Commenting on the October Survey published by the Royal Institute of Chartered Surveyors(RICS), Mr. Burdett said, “The analysis in RICS’ October survey is certainly supported by what we are seeing on the ground, which is that demand remains very strong with supply struggling to keep up. House prices continue to rise, although they have calmed somewhat since the end of the Stamp Duty holiday.”

Supply continues to be a challenge, but demand has defied forecasts. The end of the Stamp Duty holiday has been balanced by continued low borrowing rates, although the cost of borrowing is beginning to rise, despite the Bank of England keeping the Base Rate unchanged.
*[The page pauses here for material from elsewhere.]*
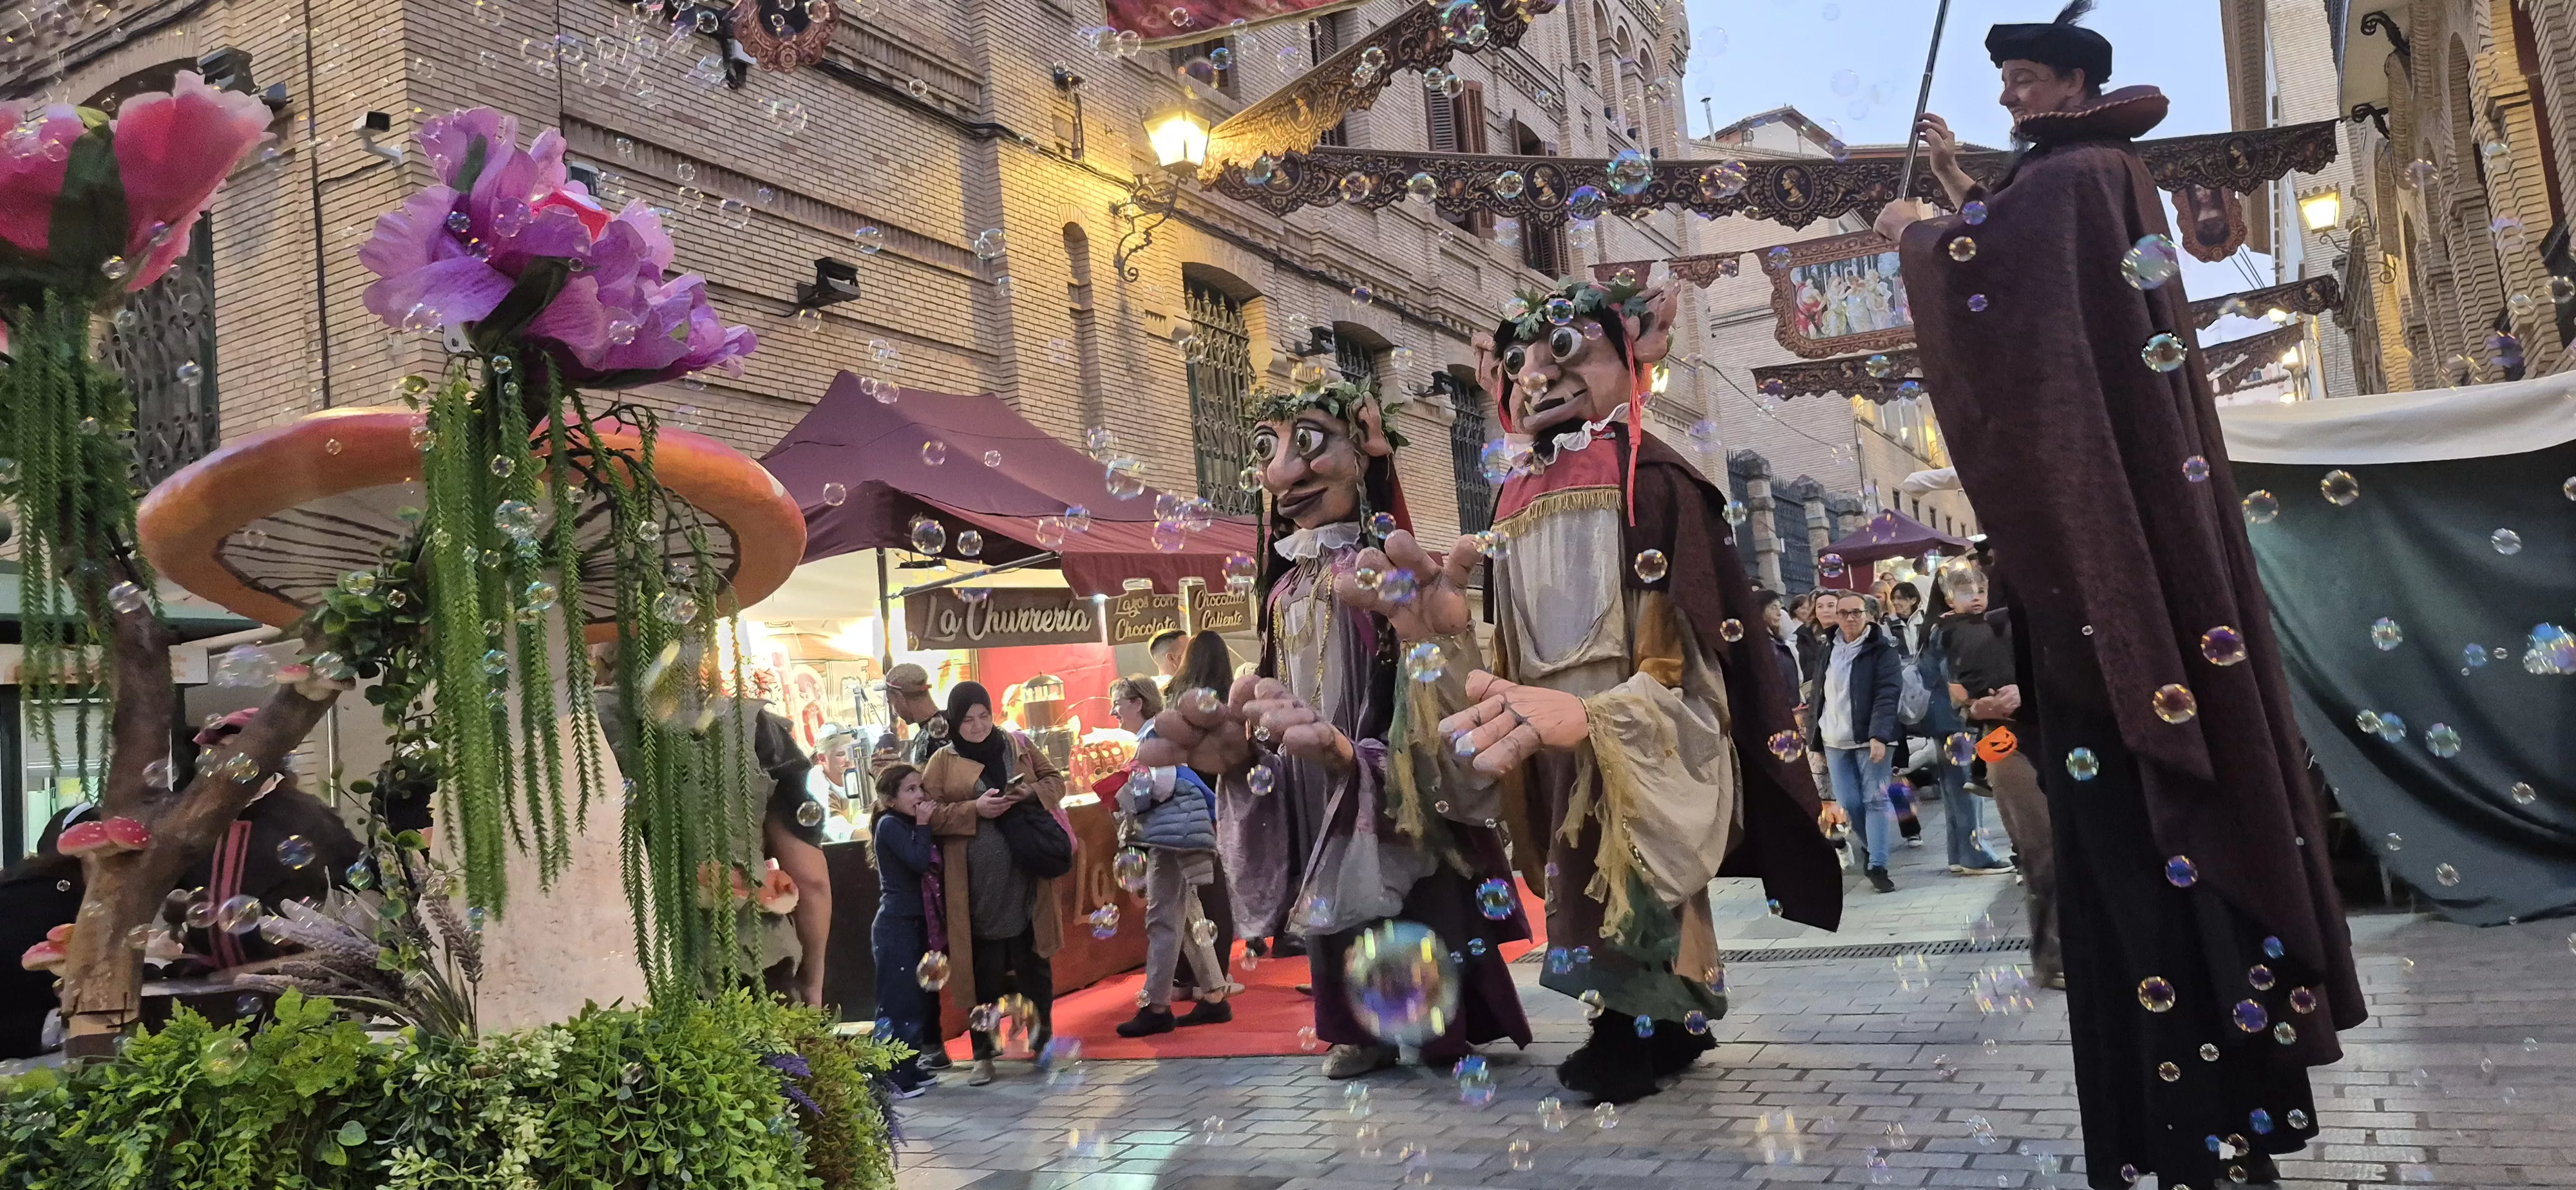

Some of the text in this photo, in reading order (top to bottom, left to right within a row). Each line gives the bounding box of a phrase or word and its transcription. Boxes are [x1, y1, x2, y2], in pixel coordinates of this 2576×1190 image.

The rate of increase is likely to slow further as the housing market enters the traditional slowdown over Christmas and the Winter.

Moving into Spring, supply is expected to improve as the housing market enters a period where it is naturally buoyant. That said, transactions are set to continue throughout the Winter despite the supply challenges and resulting house price rises as buyers take advantage of low interest rates, ahead of an anticipated rise in the Base Rate of interest in 2022.

Robert Burdett said, “We expect transactions to slow over Winter, as it always does, but we are still seeing brisk trade, so the signs are positive for a busy end to 2021, despite uncertainty around Covid-19, and the massive strain that the economy has been under.” Bob Burdett James Leigh Property Management

Since 2009 there have been 3.5 million first-time buyers entering the housing market, none of whom have experienced rising interest rates. Alongside this possible increase in mortgage payments is the spectre of the rising cost of living which could impact confidence and therefore prices. 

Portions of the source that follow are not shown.